### [Exercise details]
Word for word, copy the data that follows and skip its pictures.

*** Opening Entries provided ***

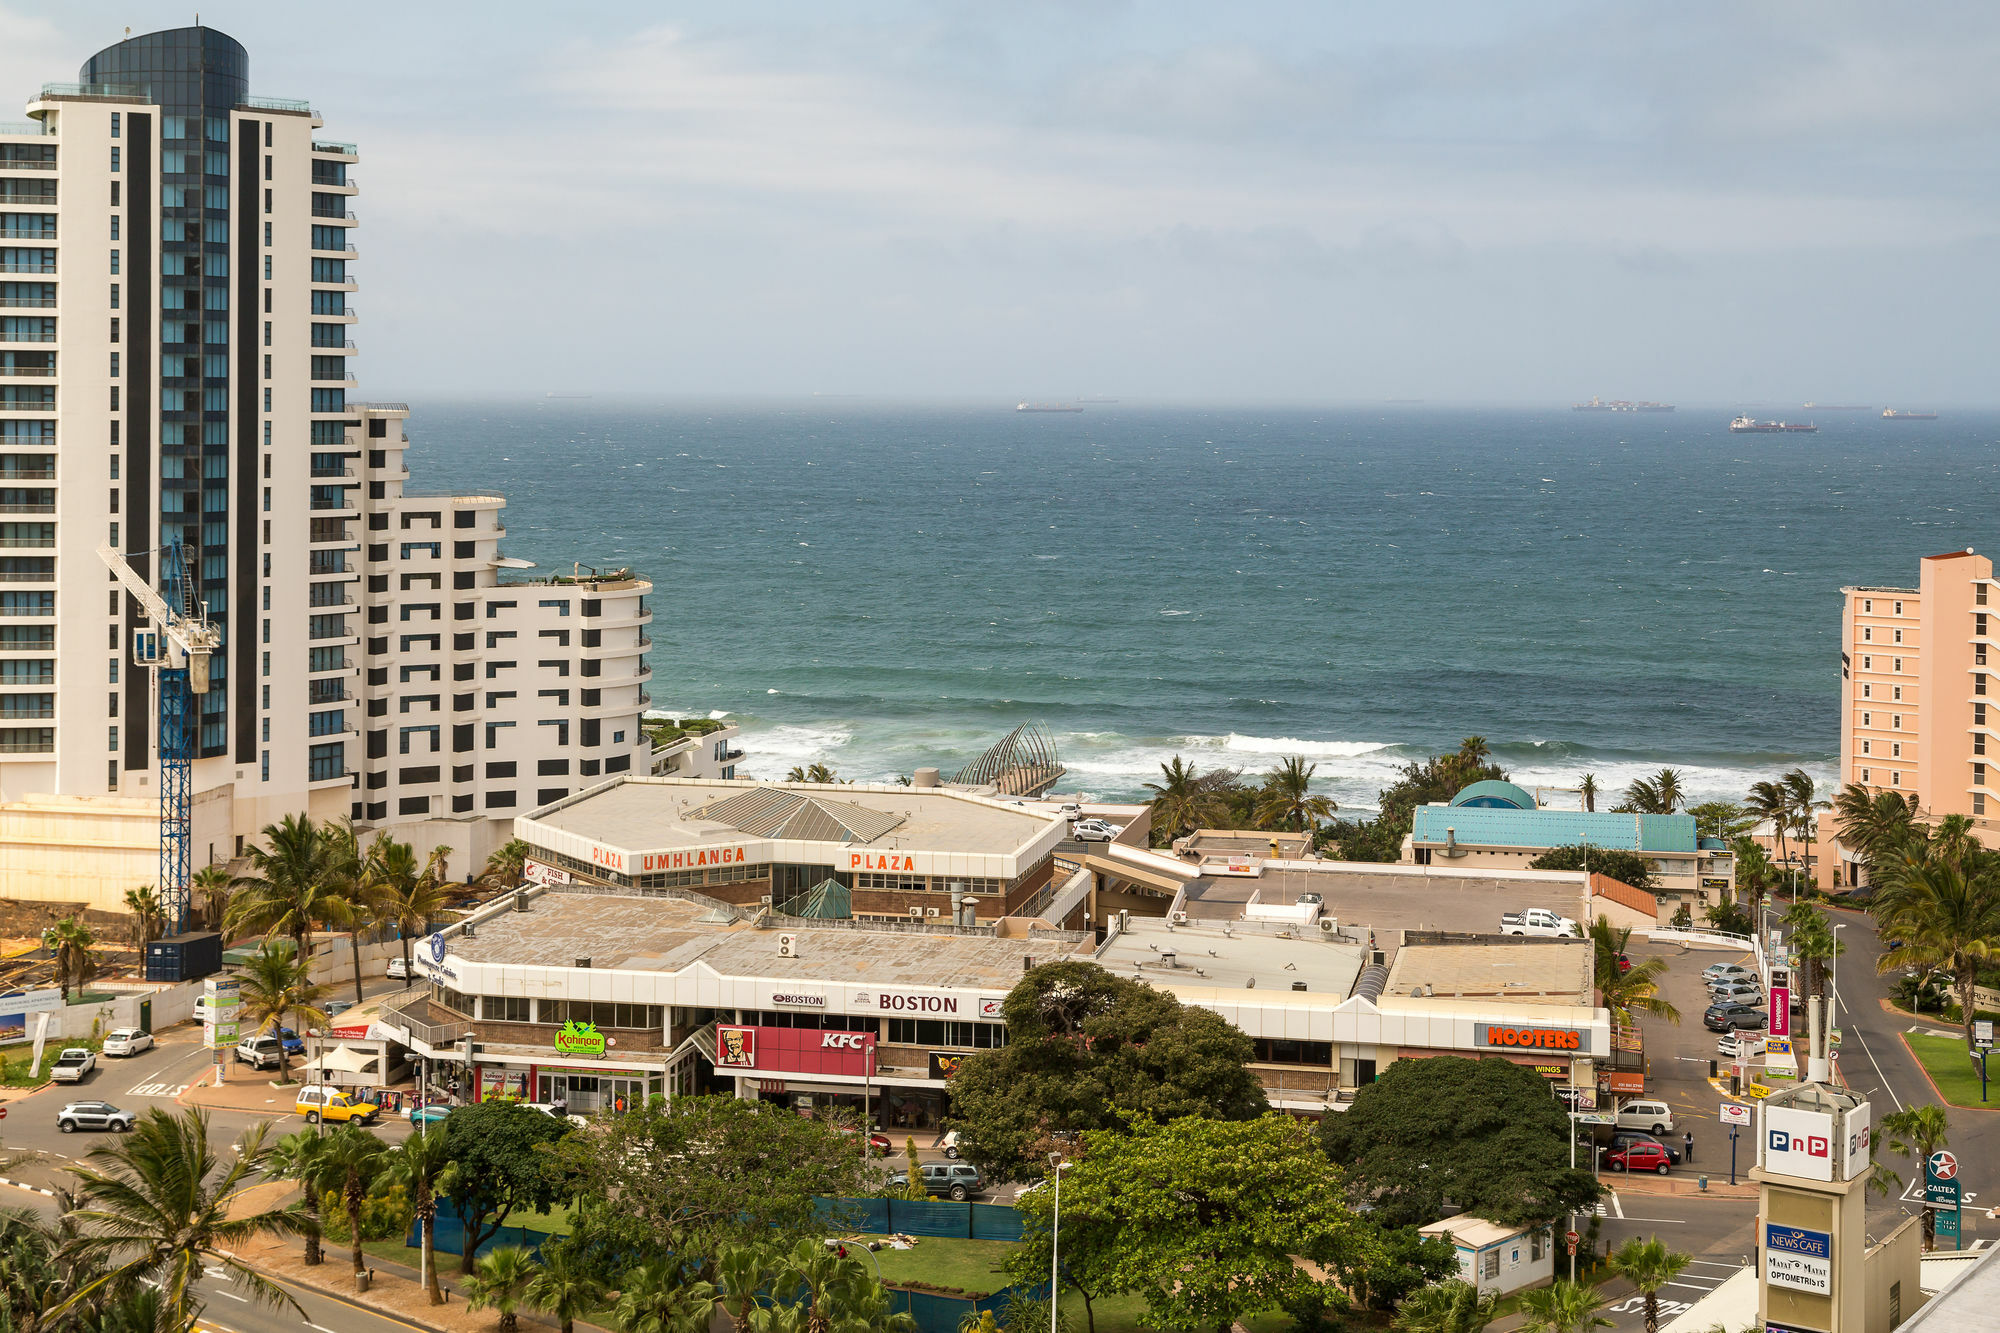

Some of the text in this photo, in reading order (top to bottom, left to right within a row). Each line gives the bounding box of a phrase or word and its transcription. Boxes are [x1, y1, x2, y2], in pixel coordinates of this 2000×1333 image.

[593, 847, 622, 870] PLAZA
[644, 847, 914, 871] UMHLANGA PLAZA
[542, 876, 547, 884] &
[547, 868, 563, 880] FISH
[432, 974, 444, 986] Sushi
[440, 965, 457, 979] Cuisine
[784, 994, 823, 1005] BOSTON
[879, 994, 957, 1013] BOSTON
[558, 1031, 602, 1049] Kohinoor
[821, 1033, 866, 1049] KFC
[1488, 1026, 1580, 1049] HOOTERS
[1535, 1065, 1561, 1073] WINGS
[132, 1083, 190, 1096] STOP
[1771, 1128, 1868, 1156] PnP PnP
[1928, 1185, 1955, 1194] CALTEX
[1772, 1236, 1823, 1253] NEWS CAFE
[1769, 1257, 1827, 1277] MAYAT MAYAT
[1771, 1271, 1825, 1288] OPTOMETRISTS
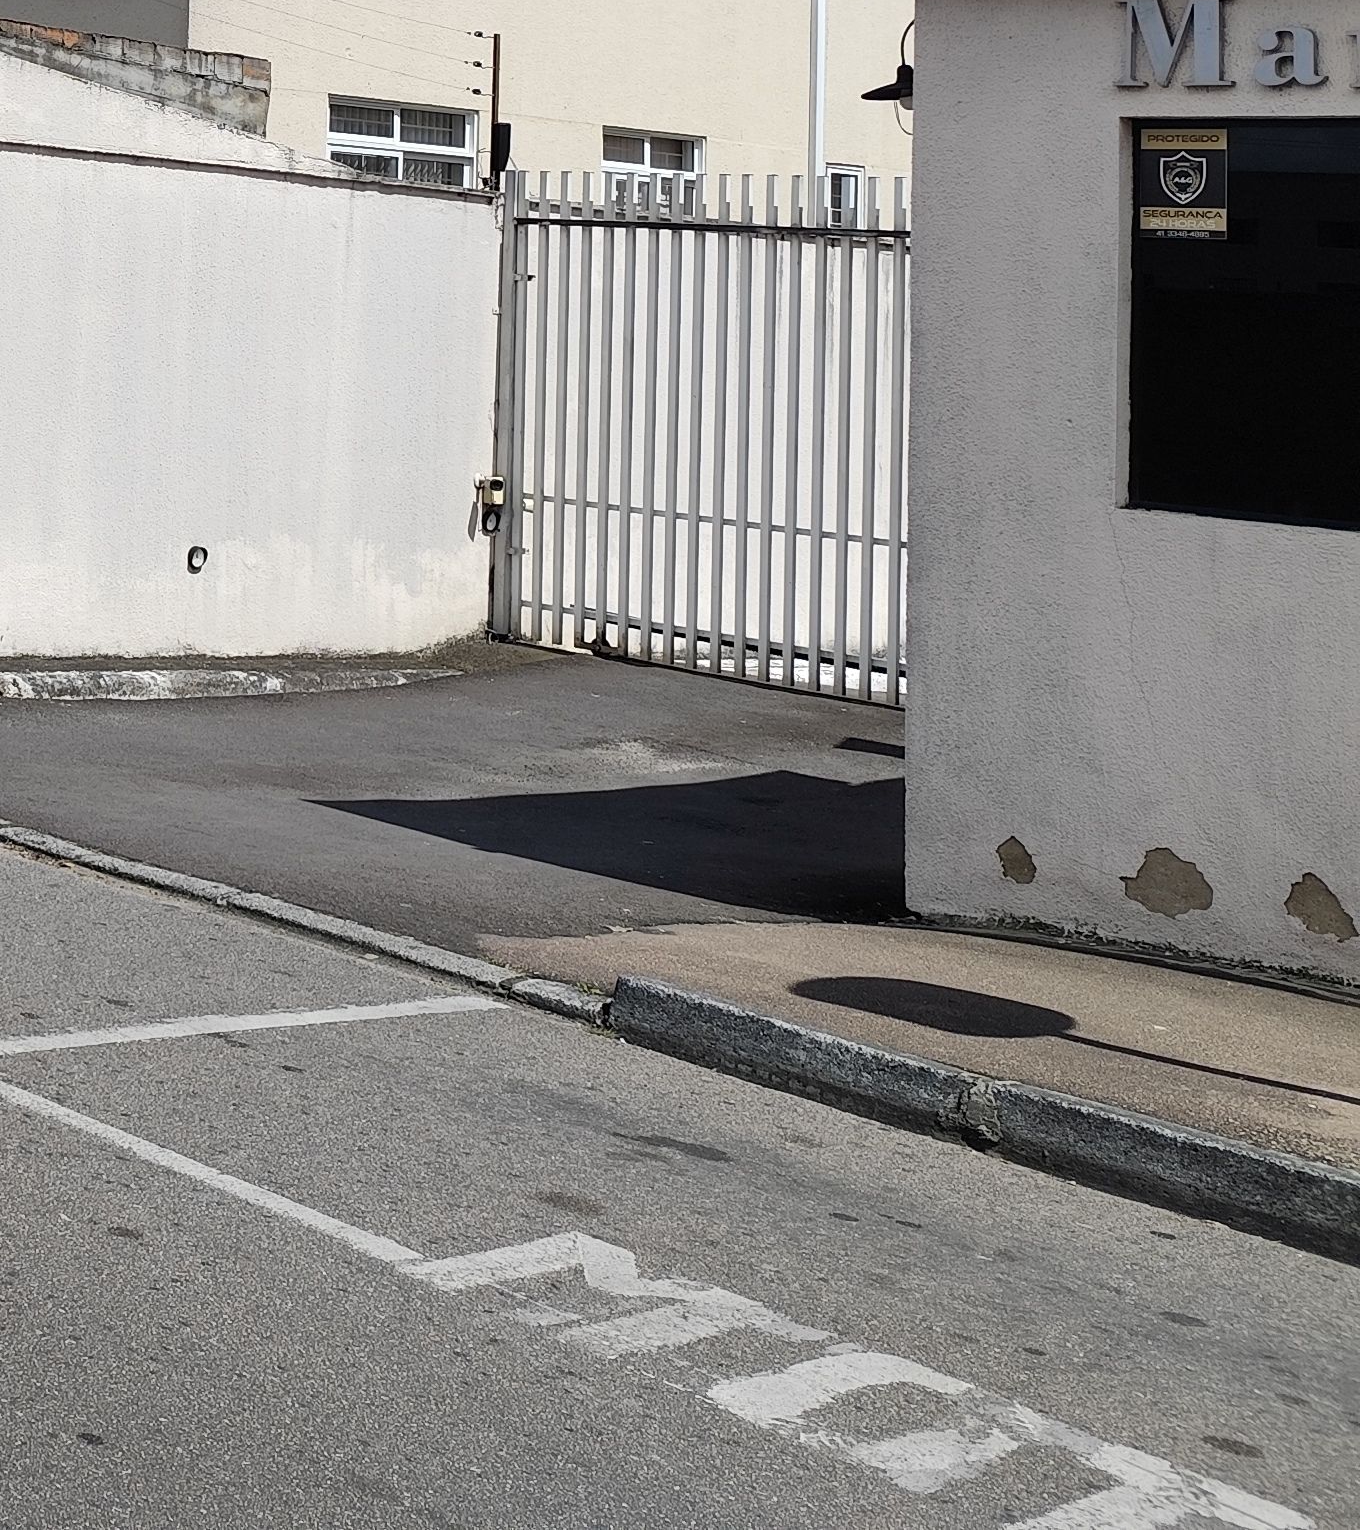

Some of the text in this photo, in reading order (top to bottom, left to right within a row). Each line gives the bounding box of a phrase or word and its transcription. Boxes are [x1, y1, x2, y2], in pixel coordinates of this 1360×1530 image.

[1147, 134, 1220, 143] PROTEGIDO
[1150, 219, 1216, 229] 24 HORAS
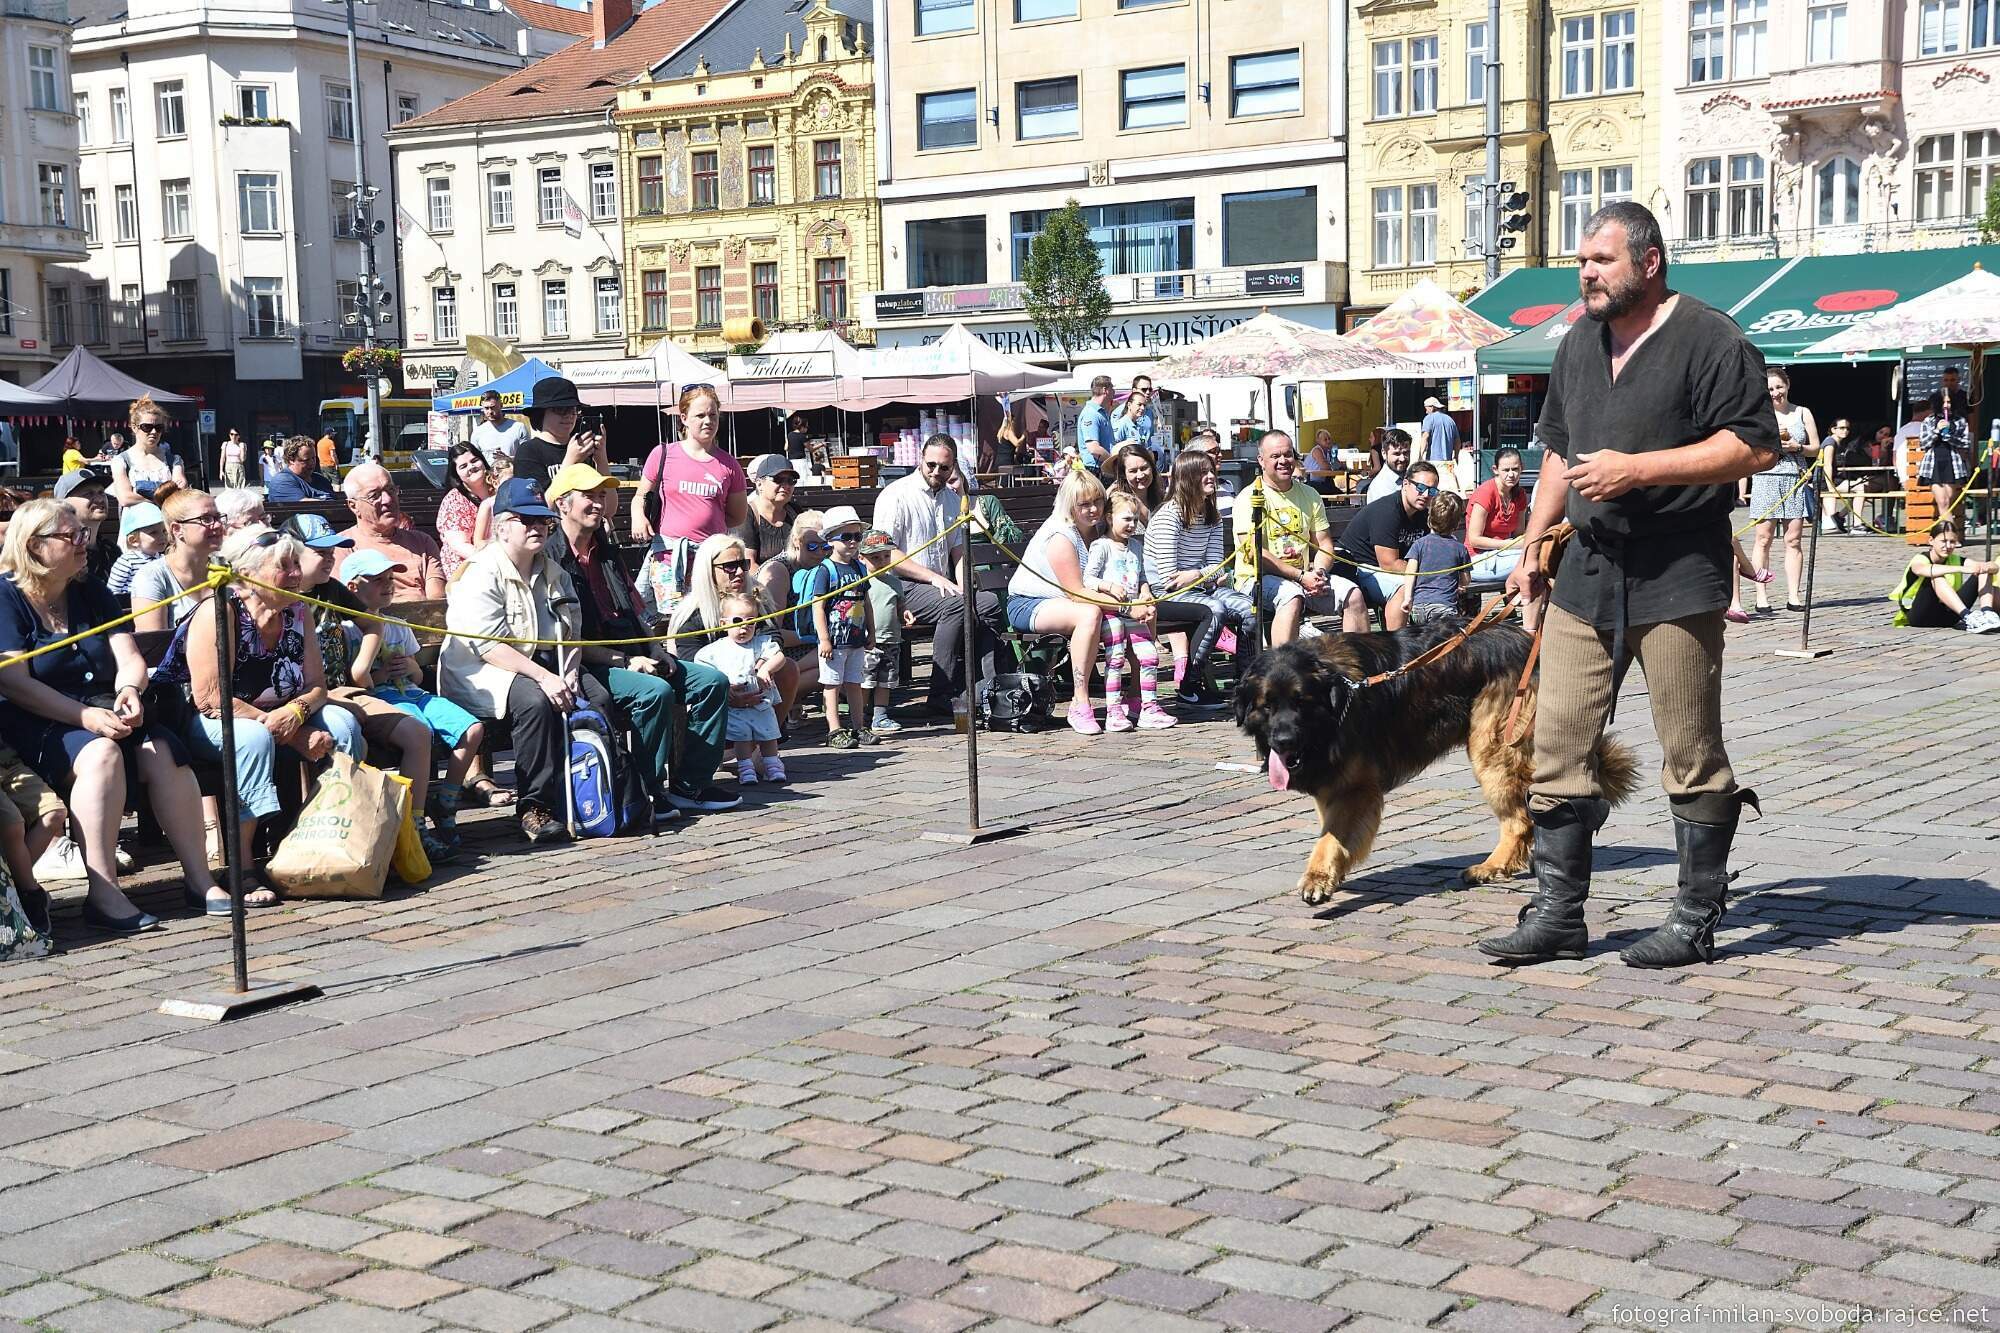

*** Closing Entries provided ***

### [Output below]
Some of the text in this photo, in reading order (top to bottom, left to right within a row). Each line gives the bounding box of a phrase or word and its transcription. Boxes are [x1, y1, x2, y2], in pixel coordinates of this 2000×1333 image.

[593, 847, 622, 870] PLAZA
[644, 847, 914, 871] UMHLANGA PLAZA
[542, 876, 547, 884] &
[547, 868, 563, 880] FISH
[432, 974, 444, 986] Sushi
[440, 965, 457, 979] Cuisine
[784, 994, 823, 1005] BOSTON
[879, 994, 957, 1013] BOSTON
[558, 1031, 602, 1049] Kohinoor
[821, 1033, 866, 1049] KFC
[1488, 1026, 1580, 1049] HOOTERS
[1535, 1065, 1561, 1073] WINGS
[132, 1083, 190, 1096] STOP
[1771, 1128, 1868, 1156] PnP PnP
[1928, 1185, 1955, 1194] CALTEX
[1772, 1236, 1823, 1253] NEWS CAFE
[1769, 1257, 1827, 1277] MAYAT MAYAT
[1771, 1271, 1825, 1288] OPTOMETRISTS

Some of the text in this photo, in reading order (top to bottom, left to right within a row). Each line gives the bounding box of a phrase or word and its transcription. Boxes are [x1, y1, x2, y2], in pixel coordinates of this 1360×1530 image.

[1147, 134, 1220, 143] PROTEGIDO
[1150, 219, 1216, 229] 24 HORAS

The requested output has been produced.